In order to relieve symptoms of menopause, as well as to reduce specific health risks in menopausal and postmenopausal women, physicians often prescribe the synthetic hormones estrogen, progestin (a synthetic form of progesterone), and sometimes androgens. This therapeutic approach is called hormone replacement therapy (HRT). Administered as oral tablets, skin patches, or vaginal creams or suppositories, HRT alleviates symptoms of menopause and may increase verbal memory. It also may counteract some serious health problems associated with menopausal women. For instance, osteoporosis, in which bones become brittle and vulnerable to fractures, is caused by calcium loss. Calcium loss accelerates in women for three to seven years after menopause. The use of HRT combats bone calcium loss and significantly lessens the risk of osteoporosis.

Women who have had a hysterectomy can use estrogen replacement alone, but women with a uterus need the addition of progestin to prevent hyperplasia (overgrowth) of the endometrium (uterine lining) and decrease the risk of endometrial cancer. Androgens may help women with decreased sexual interest.
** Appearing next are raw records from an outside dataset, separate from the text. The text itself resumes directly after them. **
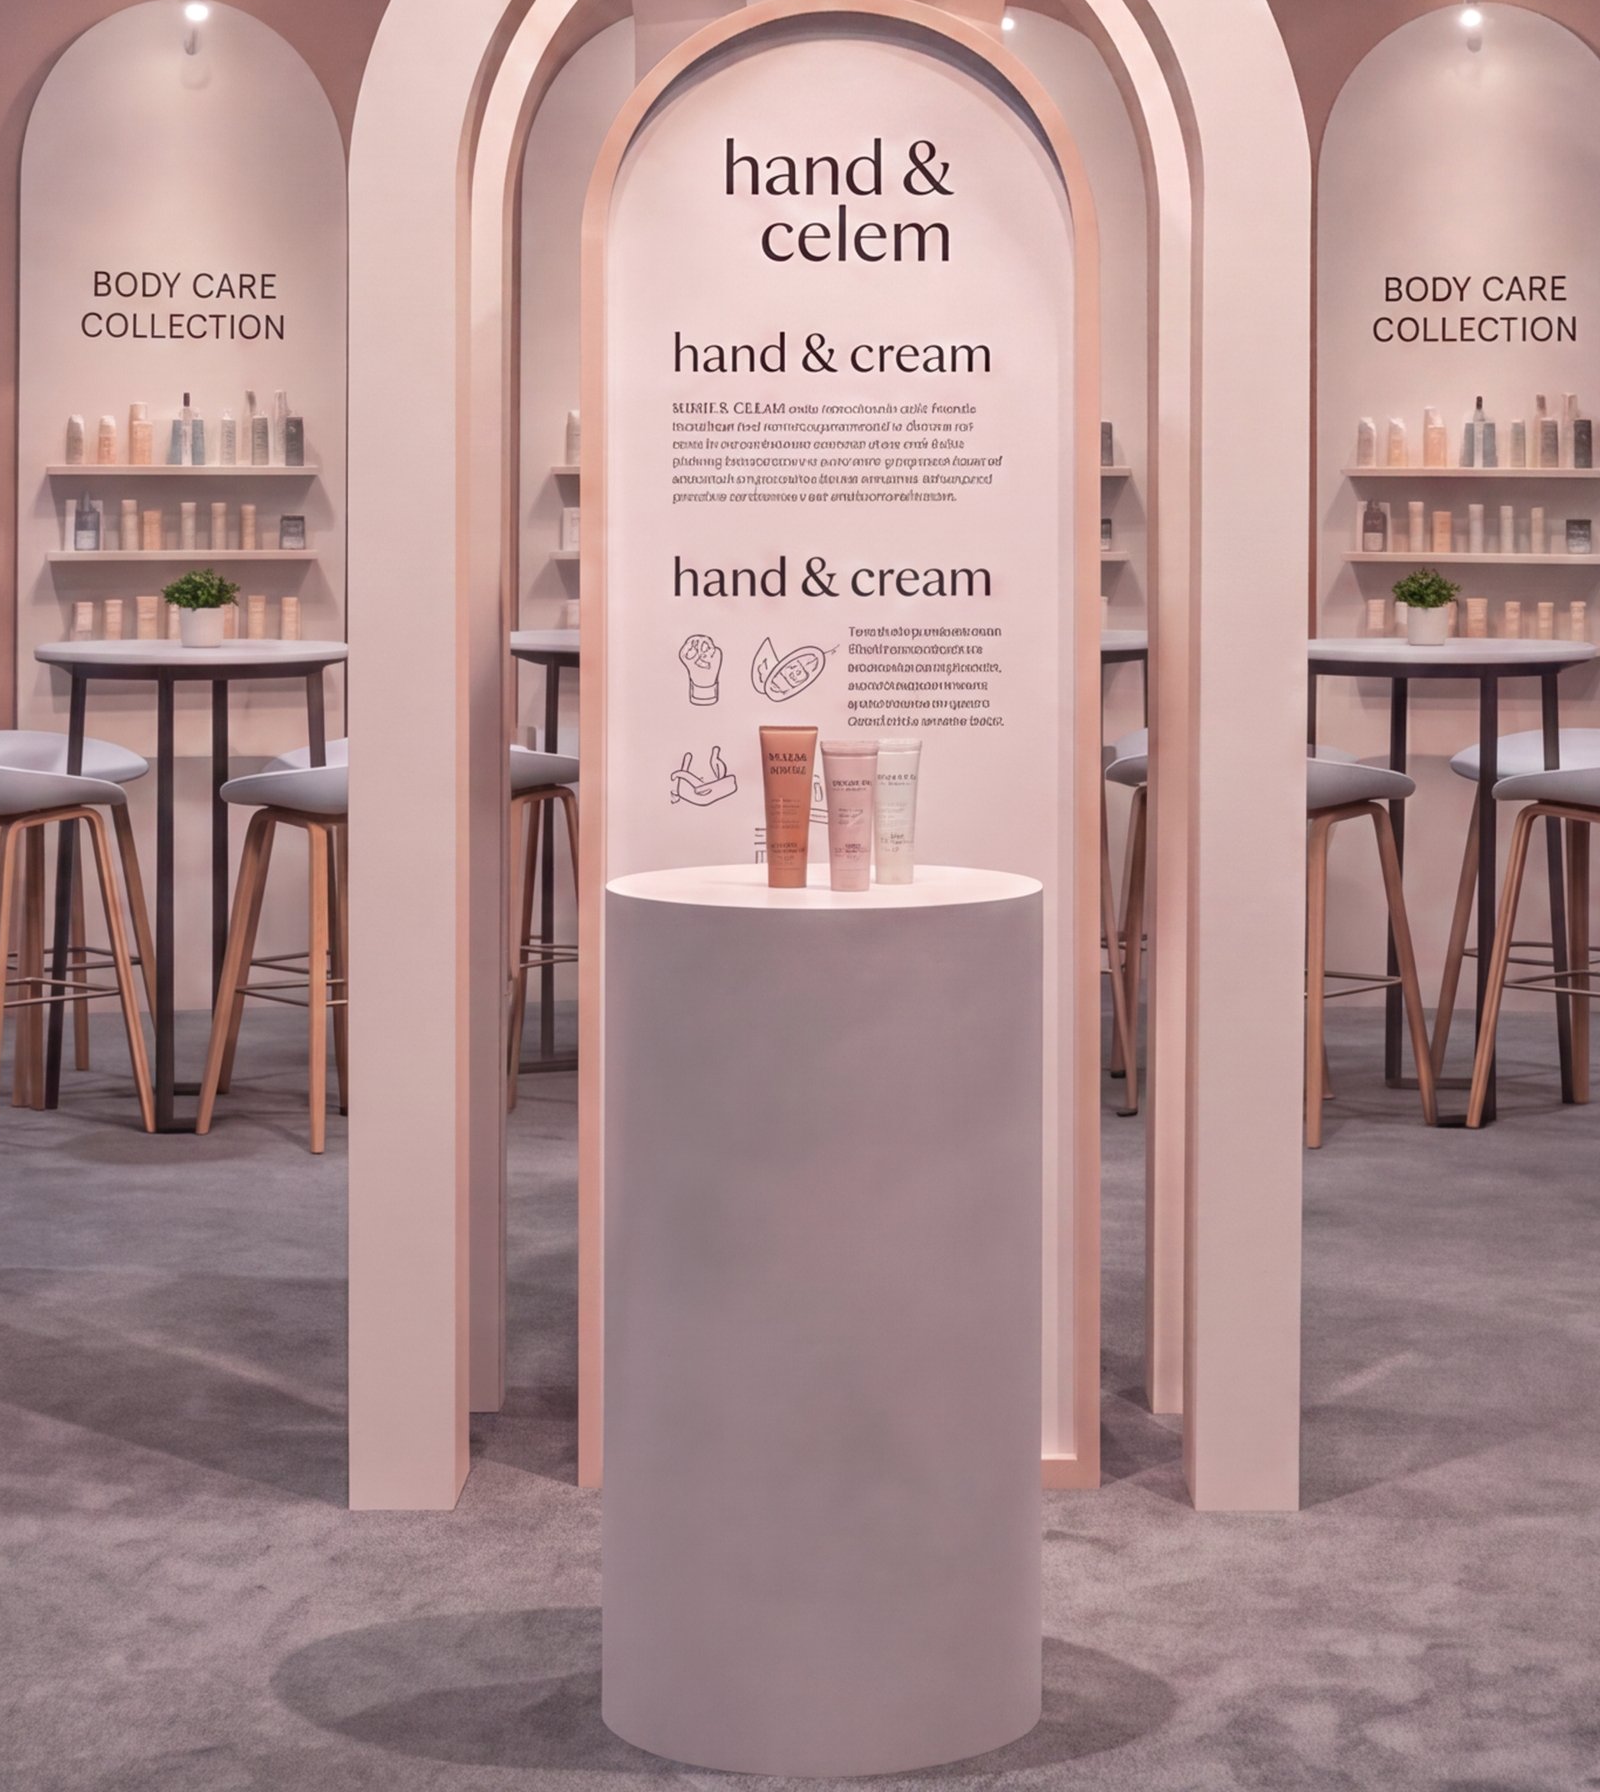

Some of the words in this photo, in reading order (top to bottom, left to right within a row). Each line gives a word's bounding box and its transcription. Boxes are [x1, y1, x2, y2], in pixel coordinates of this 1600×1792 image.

[725, 138, 882, 196] hand
[903, 139, 954, 196] &
[761, 204, 950, 262] celem
[93, 270, 181, 298] BODY
[192, 272, 277, 300] CARE
[1385, 276, 1471, 302] BODY
[1482, 275, 1567, 302] CARE
[81, 311, 284, 340] COLLECTION
[1372, 315, 1577, 343] COLLECTION
[674, 331, 786, 373] hand
[801, 332, 838, 373] &
[850, 344, 991, 373] cream
[674, 555, 786, 598] hand
[801, 556, 840, 598] &
[851, 568, 991, 597] cream
Hormone replacement therapy may be taken continuously or cyclically (usually three weeks on and one week off). Symptoms may return each month during the hormone-free week. HRT may be associated with an increased risk of breast cancer, heart attacks, strokes, and blood clots, and studies of the long-term use of HRT so far make it unclear if the benefits of HRT outweigh these risks. Each woman and her health-care provider should assess her need for symptom control and the potential risks and benefits before starting HRT. Women who have a history of endometrial cancer, breast cancer, stroke, blood-clotting disorders, liver dysfunction, and undiagnosed abnormal vaginal bleeding should generally not take HRT. More research is needed on the long-term effects of the various HRT regimes.
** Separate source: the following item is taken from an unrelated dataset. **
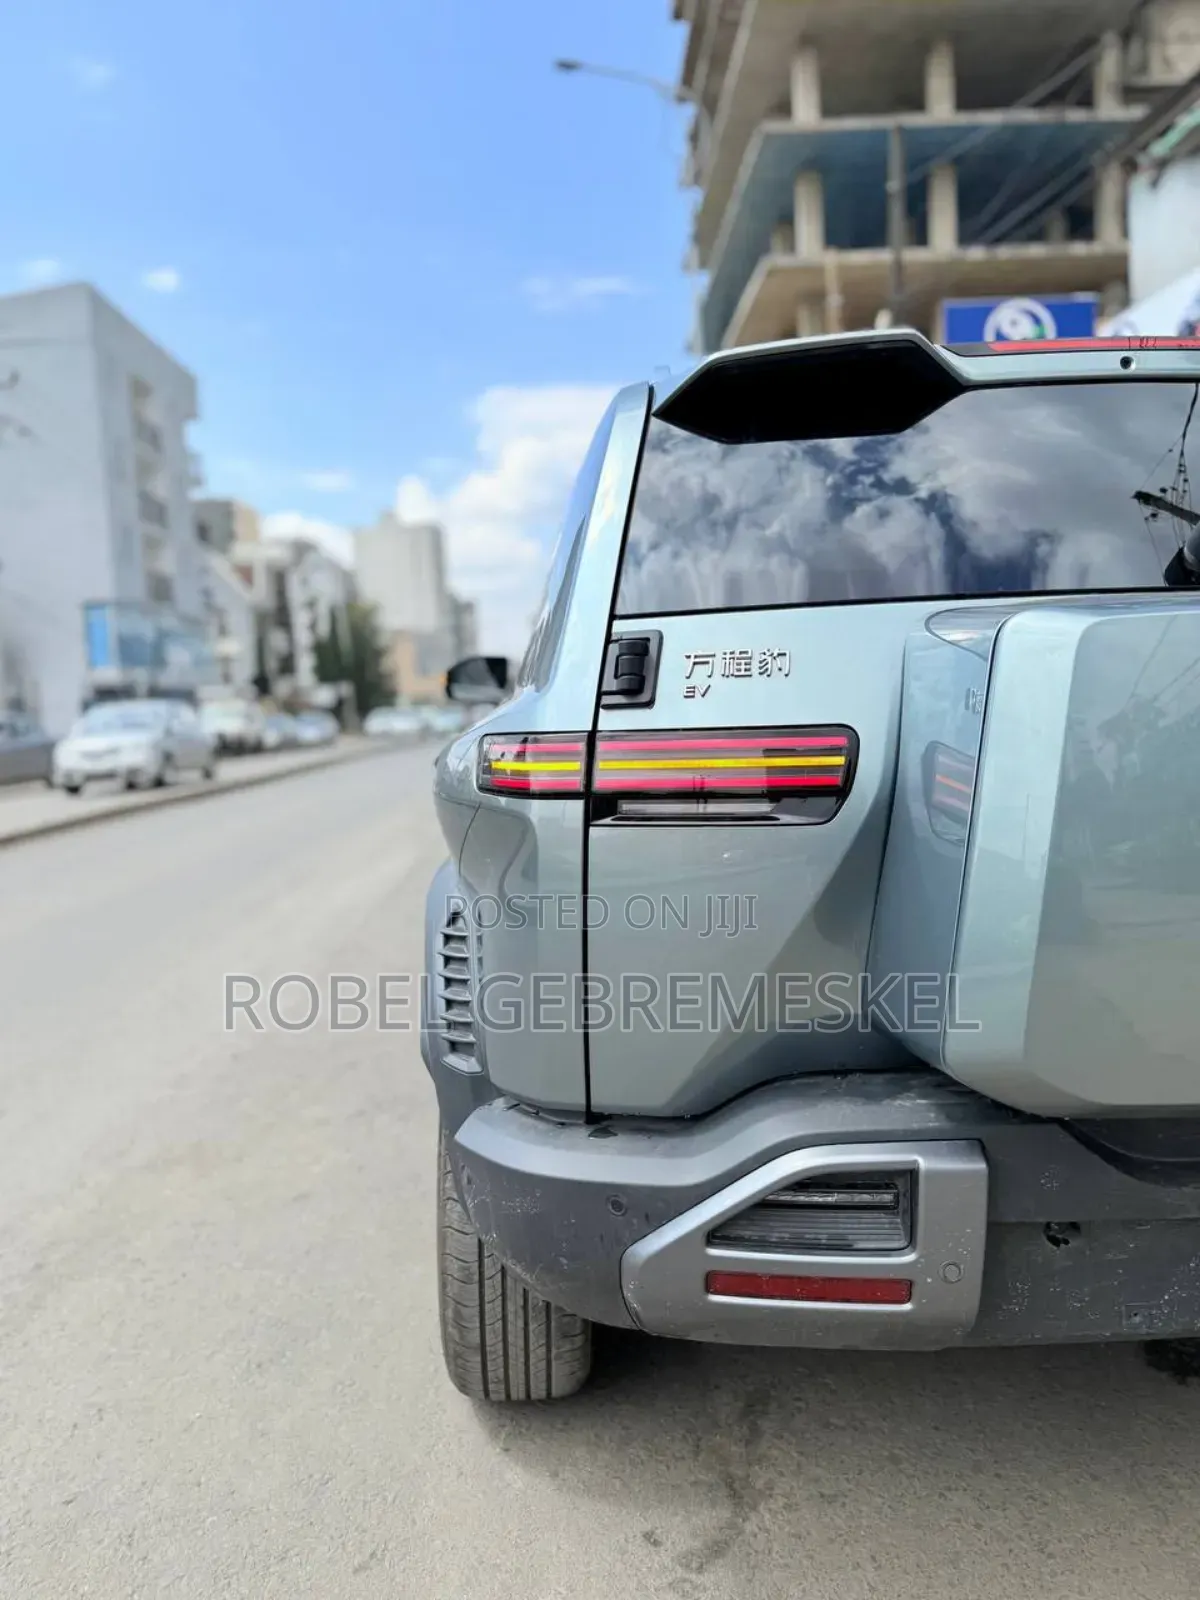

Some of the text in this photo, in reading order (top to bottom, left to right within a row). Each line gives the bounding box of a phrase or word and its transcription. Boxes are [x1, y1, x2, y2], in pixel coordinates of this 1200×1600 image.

[684, 648, 791, 679] 方程豹
[683, 684, 711, 699] EV
Other ways of reducing negative effects of menopause include eating a healthy diet, eliminating caffeine and alcohol, reducing sugar and salt intake, stopping smoking, and taking vitamin supplements. Exercise helps increase conversion of androgens to estrogens and can help alleviate menopausal symptoms.

How women view menopause may also affect symptoms. Traditionally in our culture, menopause has been viewed negatively, as a period of fluctuating hormones that incapacitates women. In fact, many women experience only minor discomfort during menopause, and some find renewed energy and enthusiasm after menopause.